The main goal of this program is to support the elimination of NTDs in Benin, Burkina Faso, Cameroon, Ghana, Guinea, Ivory Coast, Mali, Niger, Senegal, Sierra Leone and Togo. The project aims to make national NTD programs capable of sustaining treatment for long-term control programs for Schistosomiasis (SCH), Soil-Transmitted Helminthiasis (STH) and onchocerciasis and mainstream NTD programs into the national health system.

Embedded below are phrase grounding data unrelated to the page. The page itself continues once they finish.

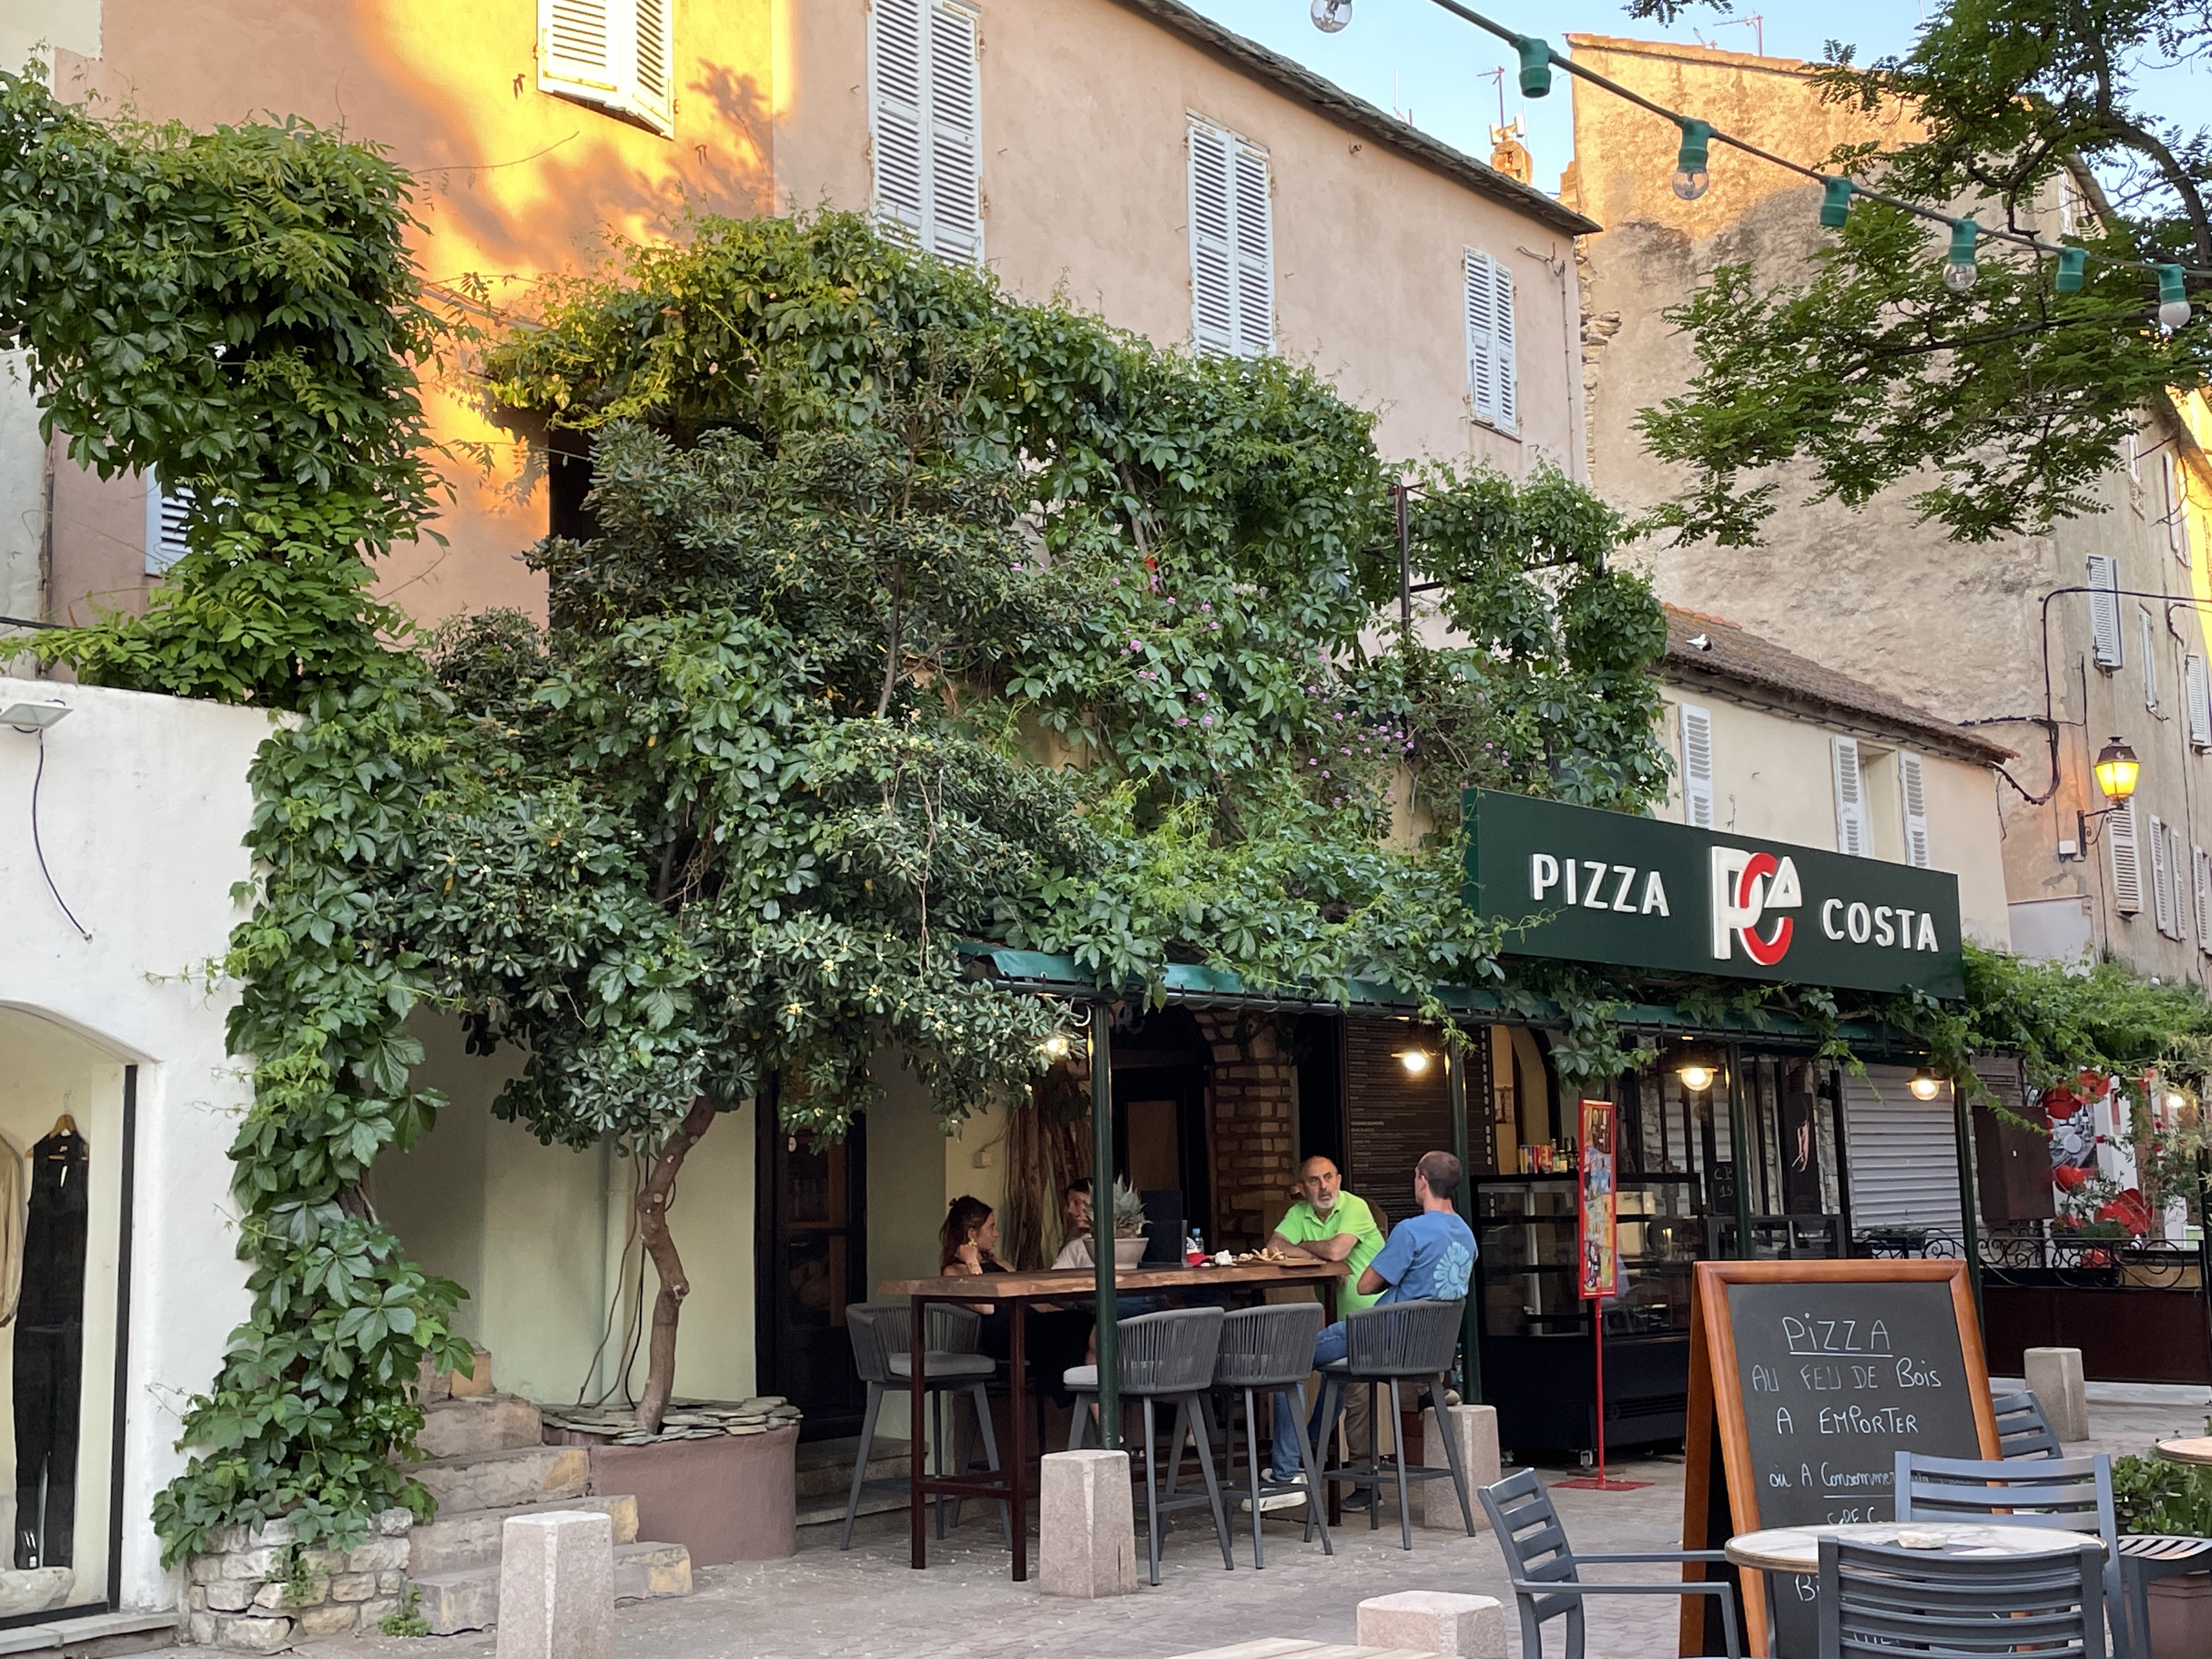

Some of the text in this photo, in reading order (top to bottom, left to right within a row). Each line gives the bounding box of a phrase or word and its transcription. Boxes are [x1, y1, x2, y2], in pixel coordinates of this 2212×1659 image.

[1532, 854, 1670, 917] PIZZA
[1822, 898, 1939, 952] COSTA
[1752, 1364, 1779, 1392] AU
[1800, 1363, 1842, 1391] FEU
[1850, 1365, 1878, 1389] DE
[1776, 1407, 1794, 1435] A
[1801, 1462, 1813, 1487] A
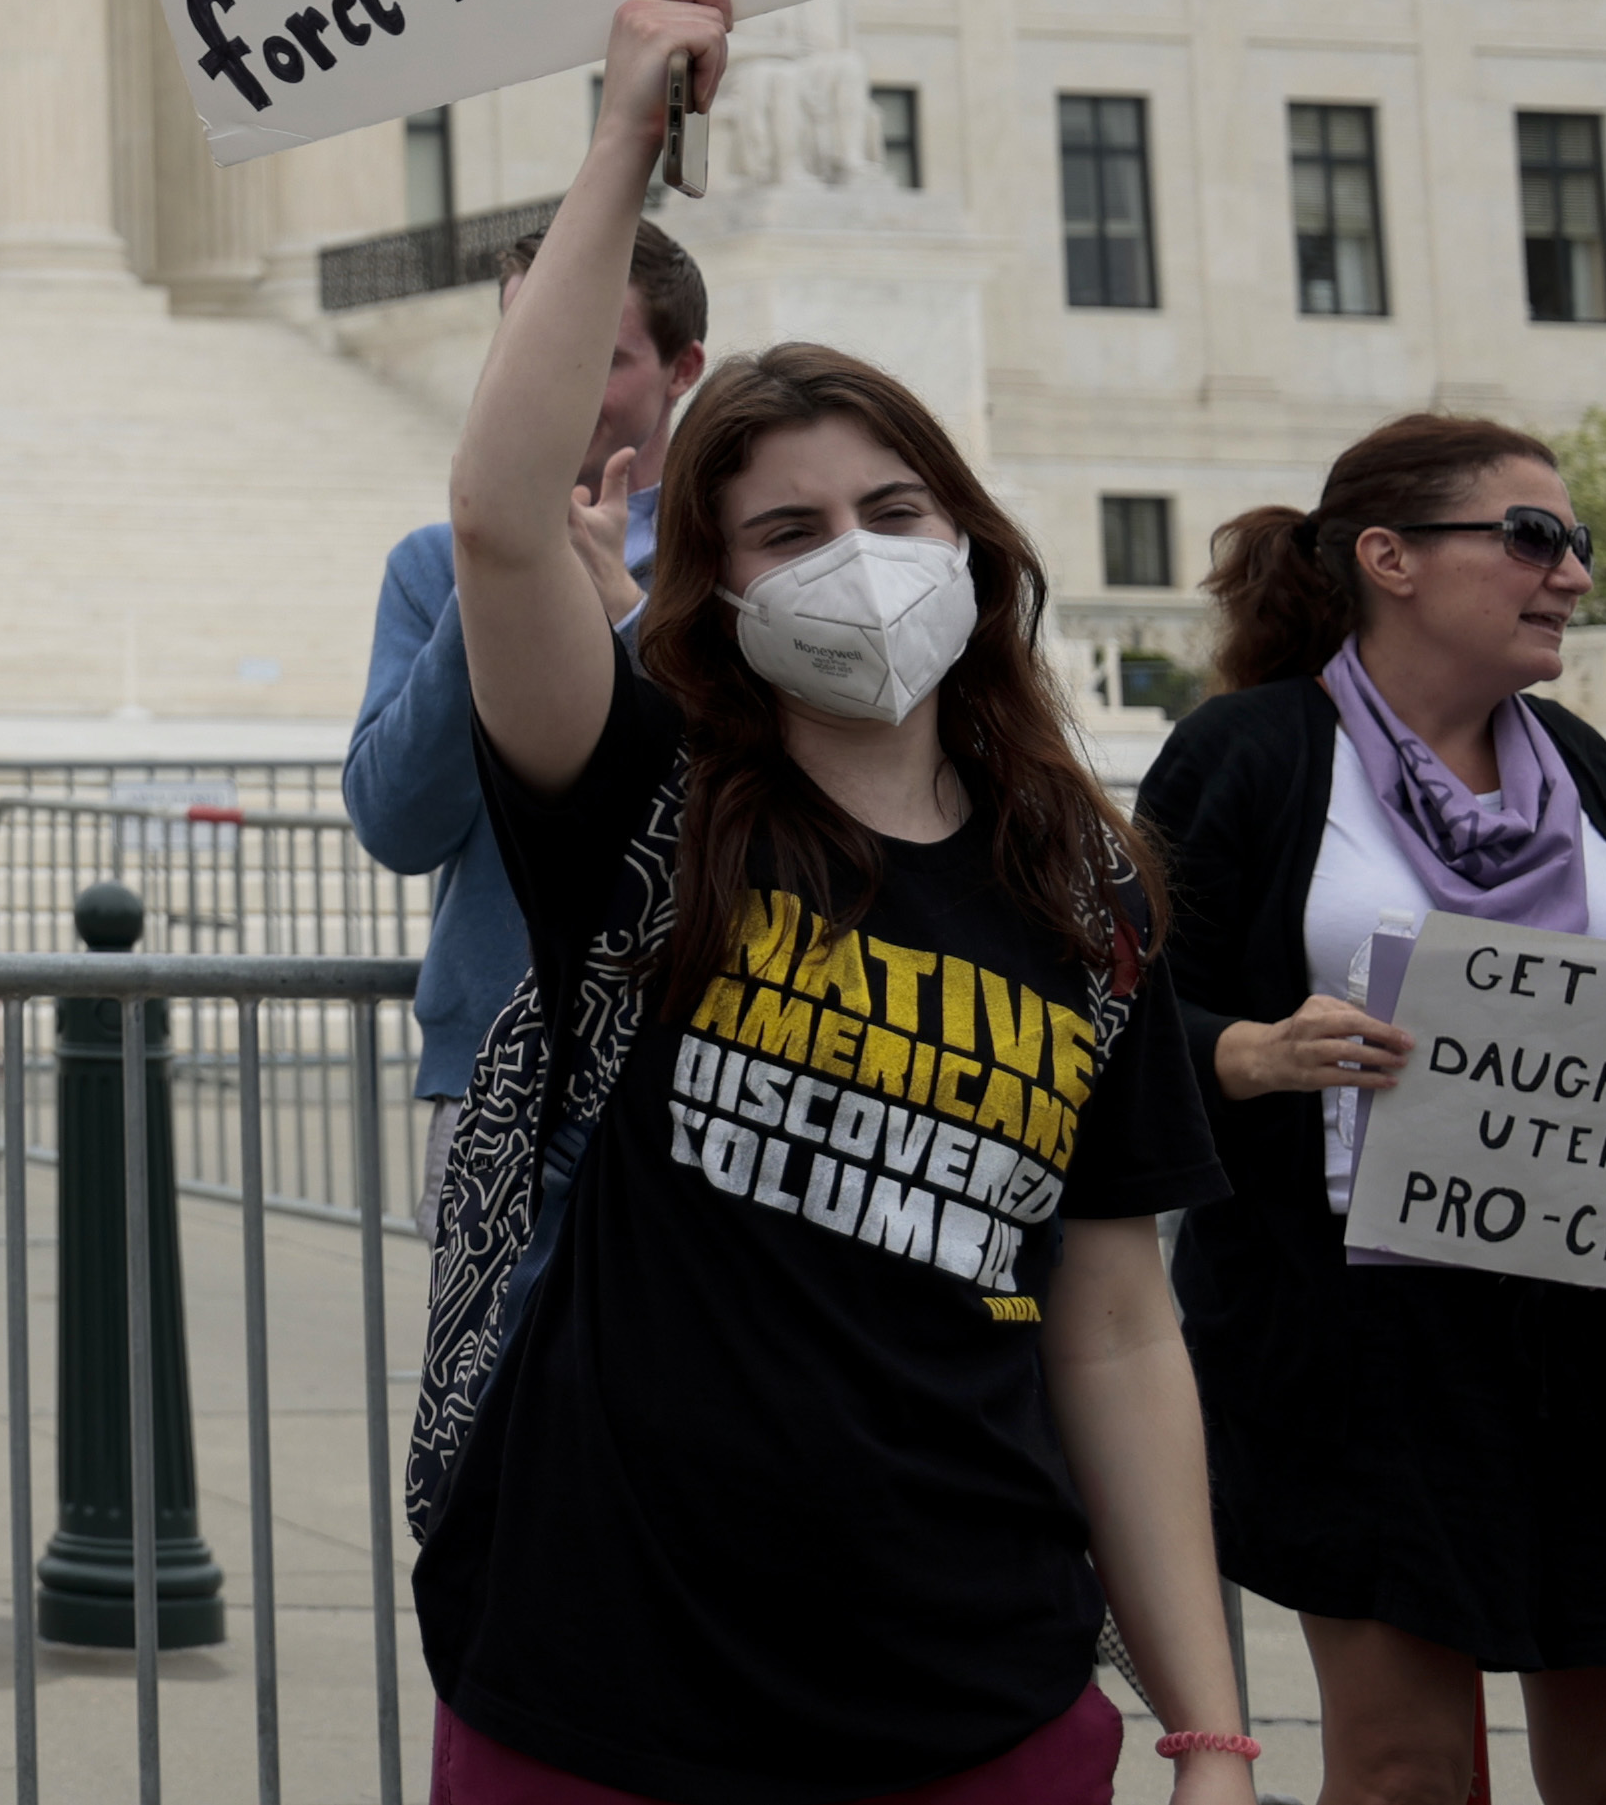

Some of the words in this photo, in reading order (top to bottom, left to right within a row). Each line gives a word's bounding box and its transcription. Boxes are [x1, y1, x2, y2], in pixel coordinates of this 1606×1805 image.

[793, 637, 864, 662] Honeywell
[720, 888, 1096, 1111] NATIVE
[1465, 946, 1598, 1007] GET
[689, 976, 1079, 1173] AMERICANS
[1429, 1035, 1606, 1104] DAUG
[671, 1033, 1064, 1225] DISCOVERED
[1478, 1109, 1606, 1169] UTE
[1398, 1170, 1606, 1262] PRO-C

World Vision provides technical assistance and support to Act to End NTDs | West countries on strengthening cross-sectoral coordination for WASH, malaria, nutrition and school-based programming etc. Additionally, the project also aims to integrate NTD messaging into WASH, Malaria, Maternal and Child health and School Programming. In Ghana, WV works closely with the Ministry of Health and the Ghana Health Service in collaboration with FHI360 and consortium partners. Other relevant stakeholders include the School Health Education Program (SHEP) under the Ghana Education Service, the media and private institutions.
KIA Green Light Project
The KIA Green Light Project seeks to contribute to achieving the child wellbeing aspirations of reducing diseases and infections and ensuring that the children are well nourished in the Fanteakwa South District. The main goal is contributing to reduction of the maternal and child mortalities and morbidities in the Fanteakwa South District. The project is intended to improve health system and structures; reduce impact of vaccine preventable diseases and infections; and reduce malnutrition among children under five (5) through two broad specific objectives such as improve access and quality of health care services provided by health staff and volunteers and improve the health, nutrition and social well-being of the most vulnerable populations, including infants and young children. The project is located in Osino sub-district of Fanteakwa South District and will directly benefit 37,145 people made up of 15201 men, 15633 women, 2811 boys and 3500 girls. The major donor to the project is KIA Automobile Company of Korea. The 5-year project, which commenced in July, 2018 will be ending in June, 2023. The project is being implemented in partnership with KIA Motors, Korea and World Vision (Korea/Ghana). Additional implementation partners are Fanteakwa South District Assembly, Ghana Health Service (GHS), Department of Food and Agriculture (DoFA), Ghana Education Service and National Commission for Civic Education. To establish benchmarks for child wellbeing indicators baseline survey. Baseline data was collected in the following areas; Children U5 nutritional status, Maternal and child health, Immunization status for children U5, Type and level of institutional and community capacity building activities and the Knowledge and uptake of improved health behaviours at the community level. The project will establish an income generating activity as part of the processes to meet funding requirements for project sustainability. The income generating activity will financially sustain the operationalization of the health center and mobile clinic activities. The implementation will commence in November, 2020. To improve access to health care services especially in hard to reach areas of the district, the project will procure and deploy mobile clinic van to facilitate access to health care services.